Earthwork, Urlaur, Co. Mayo
Co. Mayo |
Ritual/Ceremonial
Near the village of Urlaur in County Mayo, somewhere in the quiet drumlin countryside east of Lough Conn, there sits an earthwork that has been formally recorded as an archaeological monument yet remains almost entirely undescribed in the public record.
It has a classification, a map reference, and a place in the national inventory of ancient sites, but beyond that the details have not yet been made available.

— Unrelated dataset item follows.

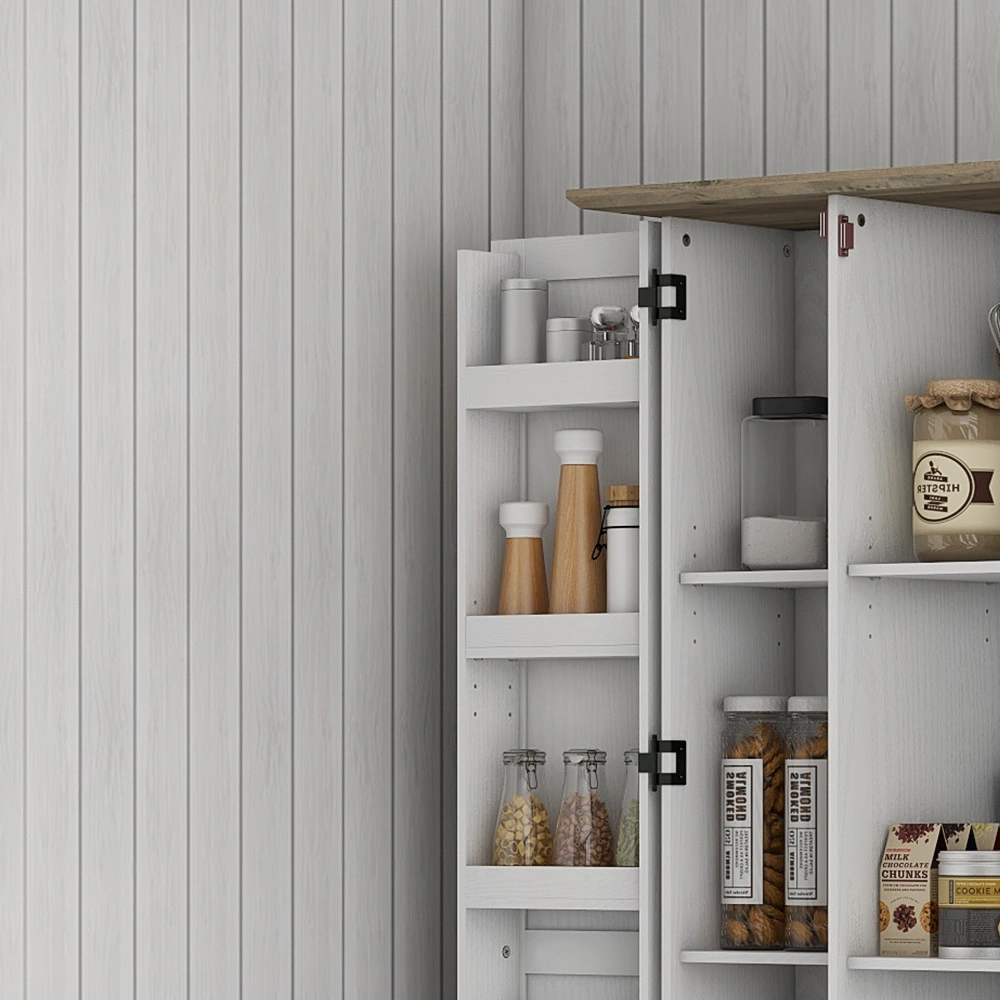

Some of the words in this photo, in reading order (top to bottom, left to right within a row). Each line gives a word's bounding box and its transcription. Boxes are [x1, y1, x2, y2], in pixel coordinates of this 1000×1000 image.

In a landscape that contains ringforts, cashels, and the remnants of early medieval farming life, an earthwork could be almost anything: a raised enclosure, a bank and fosse system, a platform mound, or the eroded outline of a structure whose original purpose has long since become ambiguous.
Urlaur itself is perhaps best known locally for the ruins of a Dominican friary founded in the fifteenth century, and the land around it carries the usual layered evidence of centuries of occupation, clearance, and change that characterises much of rural Connacht. Earthworks in this part of Mayo often survive because the land was never intensively ploughed, preserved instead beneath rough grazing where a tractor never had reason to go. Without more specific detail it is not possible to say whether this particular feature is prehistoric, early medieval, or something more recent, and that uncertainty is itself part of what makes it worth noting.